- **Saved entries**:
- - - -

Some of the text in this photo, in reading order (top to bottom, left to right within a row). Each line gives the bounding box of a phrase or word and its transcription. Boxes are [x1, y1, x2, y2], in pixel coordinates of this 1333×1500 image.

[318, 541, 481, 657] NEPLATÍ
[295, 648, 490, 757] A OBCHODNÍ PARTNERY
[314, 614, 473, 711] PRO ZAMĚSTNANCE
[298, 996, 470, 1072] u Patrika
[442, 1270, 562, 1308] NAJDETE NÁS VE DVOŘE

- - - -

- **Problem details**: Give the data again, exactly as it appears above.

- **Answer section**:
Some of the text in this photo, in reading order (top to bottom, left to right within a row). Each line gives the bounding box of a phrase or word and its transcription. Boxes are [x1, y1, x2, y2], in pixel coordinates of this 1333×1500 image.

[318, 541, 481, 657] NEPLATÍ
[295, 648, 490, 757] A OBCHODNÍ PARTNERY
[314, 614, 473, 711] PRO ZAMĚSTNANCE
[298, 996, 470, 1072] u Patrika
[442, 1270, 562, 1308] NAJDETE NÁS VE DVOŘE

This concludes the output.